Prompt —
From the first line to the last, retype everything below exactly, minus the pictures.

Excerpted records —
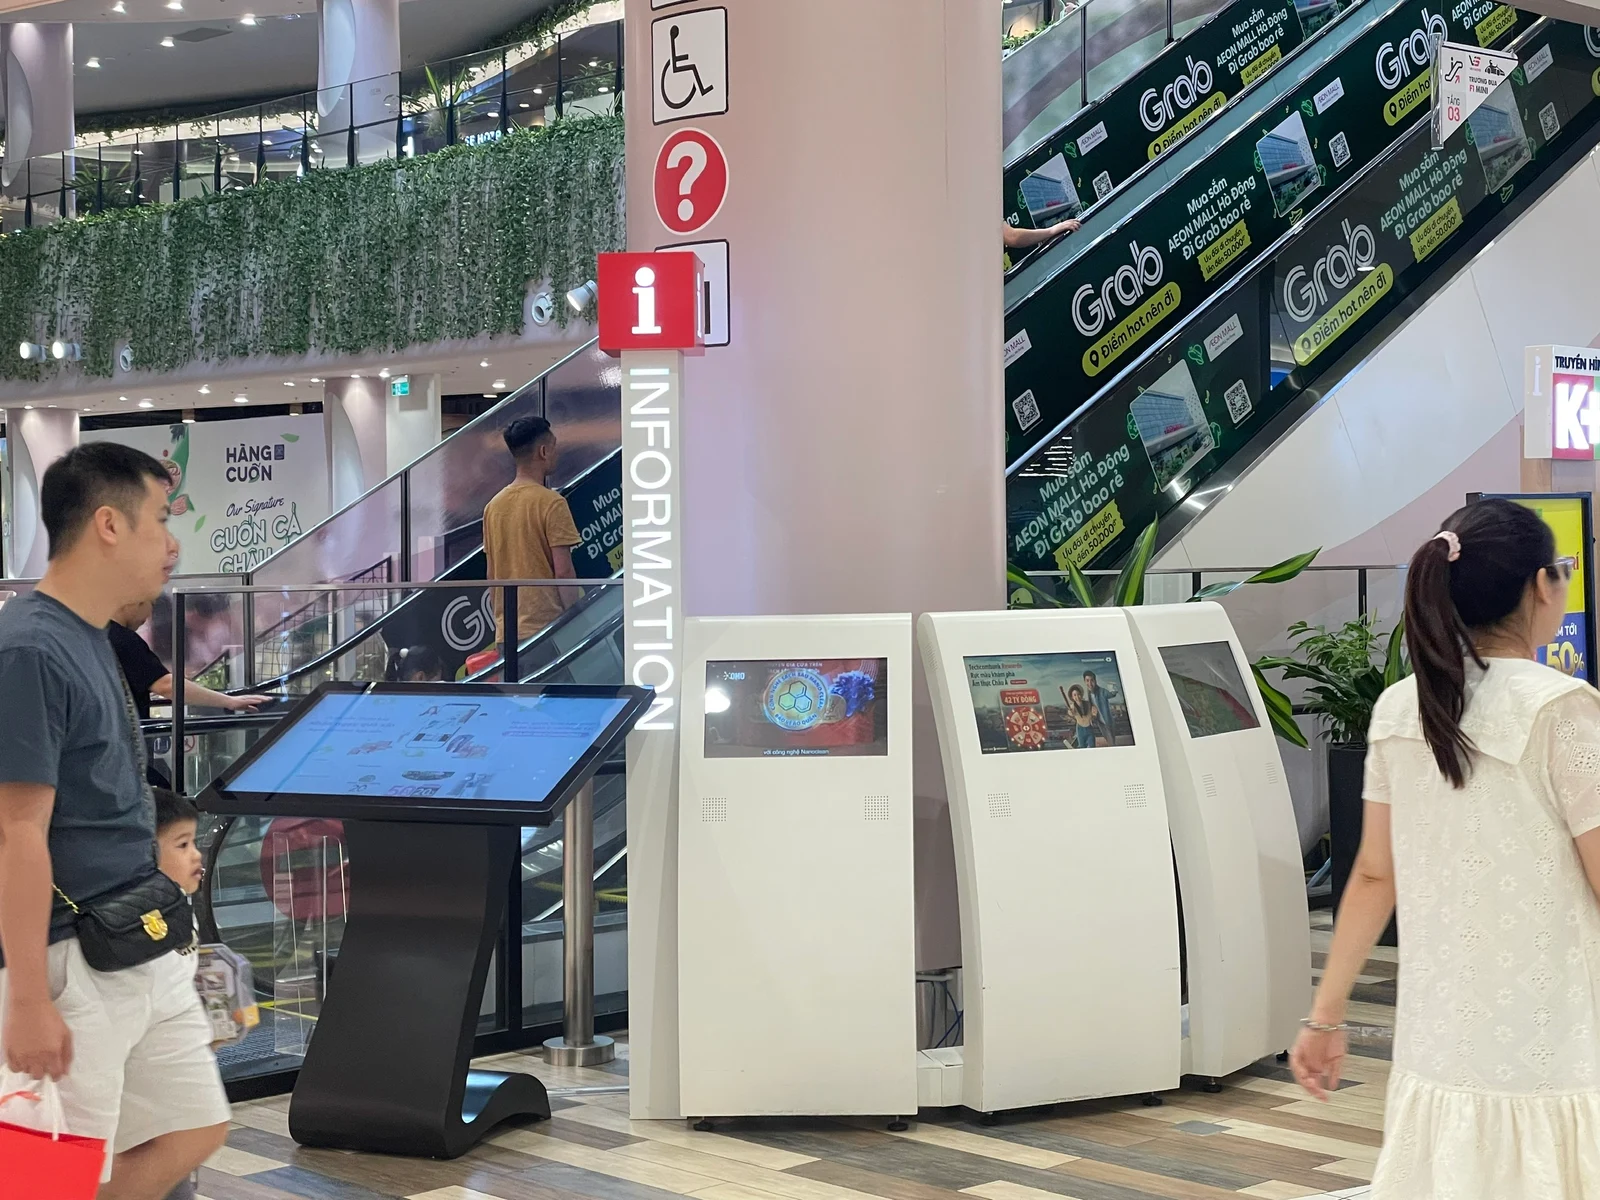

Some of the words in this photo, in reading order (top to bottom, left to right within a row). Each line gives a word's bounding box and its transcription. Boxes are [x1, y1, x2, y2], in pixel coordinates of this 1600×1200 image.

[1216, 43, 1238, 68] AEON
[1236, 30, 1258, 51] MALL
[1256, 21, 1268, 36] Hà
[1266, 7, 1288, 28] Đông
[1231, 20, 1249, 38] Mua
[1248, 8, 1265, 25] sắm
[1463, 13, 1473, 30] Đi
[1228, 59, 1239, 75] Đi
[1238, 45, 1259, 67] Grab
[1257, 34, 1274, 52] bao
[1376, 7, 1448, 89] Grab
[1139, 55, 1213, 132] Grab
[1398, 88, 1419, 111] Điểm
[1162, 130, 1184, 150] Điểm
[1183, 118, 1198, 134] hot
[1447, 106, 1460, 122] 03
[1380, 199, 1406, 232] AEON
[1404, 180, 1431, 209] MALL
[1429, 167, 1444, 187] Hà
[1442, 148, 1468, 175] Đông
[1399, 167, 1421, 192] Mua
[1420, 152, 1440, 174] sắm
[1168, 222, 1194, 253] AEON
[1192, 204, 1219, 232] MALL
[1217, 193, 1232, 212] Hà
[1230, 175, 1256, 200] Đông
[1186, 193, 1209, 216] Mua
[1208, 178, 1228, 199] sắm
[1394, 219, 1407, 240] Đi
[1406, 199, 1432, 229] Grab
[1430, 184, 1452, 206] bao
[1452, 169, 1463, 190] rẻ
[1182, 241, 1195, 260] Đi
[1194, 222, 1220, 250] Grab
[1218, 207, 1240, 230] bao
[1239, 194, 1252, 214] rẻ
[1071, 240, 1164, 337] Grab
[1283, 218, 1376, 323] Grab
[1101, 332, 1127, 359] Điểm
[1126, 316, 1146, 338] hot
[1145, 303, 1165, 323] nên
[1164, 289, 1175, 307] đi
[1313, 318, 1340, 347] Điểm
[1338, 300, 1358, 323] hot
[1358, 286, 1377, 307] nên
[1376, 271, 1387, 290] đi
[1010, 336, 1026, 351] MALL
[1221, 321, 1237, 338] MALL
[226, 443, 272, 464] HÀNG
[1039, 475, 1068, 502] Mua
[1067, 451, 1093, 479] sắm
[226, 503, 243, 518] Our
[244, 496, 285, 517] Signature
[592, 488, 620, 513] Mua
[1015, 512, 1049, 552] AEON
[1047, 486, 1081, 521] MALL
[1079, 470, 1099, 493] Hà
[1096, 444, 1130, 478] Đông
[1033, 534, 1051, 559] Đi
[1049, 509, 1083, 544] Grab
[1081, 487, 1109, 514] bao
[1109, 469, 1124, 493] rẻ
[586, 539, 603, 560] Đi
[629, 368, 675, 731] INFORMATION
[1062, 547, 1073, 560] Ưu
[1072, 536, 1084, 551] đãi
[1083, 530, 1090, 543] đi
[1089, 511, 1113, 536] chuyến
[1075, 549, 1089, 563] đến
[1564, 622, 1578, 636] TỚI
[1546, 641, 1585, 677] 50%
[1004, 696, 1013, 704] 42

Task output —
Some of the words in this photo, in reading order (top to bottom, left to right within a row). Each line gives a word's bounding box and its transcription. Boxes are [x1, y1, x2, y2], in pixel coordinates of this 1600×1200 image.

[1216, 43, 1238, 68] AEON
[1236, 30, 1258, 51] MALL
[1256, 21, 1268, 36] Hà
[1266, 7, 1288, 28] Đông
[1231, 20, 1249, 38] Mua
[1248, 8, 1265, 25] sắm
[1463, 13, 1473, 30] Đi
[1228, 59, 1239, 75] Đi
[1238, 45, 1259, 67] Grab
[1257, 34, 1274, 52] bao
[1376, 7, 1448, 89] Grab
[1139, 55, 1213, 132] Grab
[1398, 88, 1419, 111] Điểm
[1162, 130, 1184, 150] Điểm
[1183, 118, 1198, 134] hot
[1447, 106, 1460, 122] 03
[1380, 199, 1406, 232] AEON
[1404, 180, 1431, 209] MALL
[1429, 167, 1444, 187] Hà
[1442, 148, 1468, 175] Đông
[1399, 167, 1421, 192] Mua
[1420, 152, 1440, 174] sắm
[1168, 222, 1194, 253] AEON
[1192, 204, 1219, 232] MALL
[1217, 193, 1232, 212] Hà
[1230, 175, 1256, 200] Đông
[1186, 193, 1209, 216] Mua
[1208, 178, 1228, 199] sắm
[1394, 219, 1407, 240] Đi
[1406, 199, 1432, 229] Grab
[1430, 184, 1452, 206] bao
[1452, 169, 1463, 190] rẻ
[1182, 241, 1195, 260] Đi
[1194, 222, 1220, 250] Grab
[1218, 207, 1240, 230] bao
[1239, 194, 1252, 214] rẻ
[1071, 240, 1164, 337] Grab
[1283, 218, 1376, 323] Grab
[1101, 332, 1127, 359] Điểm
[1126, 316, 1146, 338] hot
[1145, 303, 1165, 323] nên
[1164, 289, 1175, 307] đi
[1313, 318, 1340, 347] Điểm
[1338, 300, 1358, 323] hot
[1358, 286, 1377, 307] nên
[1376, 271, 1387, 290] đi
[1010, 336, 1026, 351] MALL
[1221, 321, 1237, 338] MALL
[226, 443, 272, 464] HÀNG
[1039, 475, 1068, 502] Mua
[1067, 451, 1093, 479] sắm
[226, 503, 243, 518] Our
[244, 496, 285, 517] Signature
[592, 488, 620, 513] Mua
[1015, 512, 1049, 552] AEON
[1047, 486, 1081, 521] MALL
[1079, 470, 1099, 493] Hà
[1096, 444, 1130, 478] Đông
[1033, 534, 1051, 559] Đi
[1049, 509, 1083, 544] Grab
[1081, 487, 1109, 514] bao
[1109, 469, 1124, 493] rẻ
[586, 539, 603, 560] Đi
[629, 368, 675, 731] INFORMATION
[1062, 547, 1073, 560] Ưu
[1072, 536, 1084, 551] đãi
[1083, 530, 1090, 543] đi
[1089, 511, 1113, 536] chuyến
[1075, 549, 1089, 563] đến
[1564, 622, 1578, 636] TỚI
[1546, 641, 1585, 677] 50%
[1004, 696, 1013, 704] 42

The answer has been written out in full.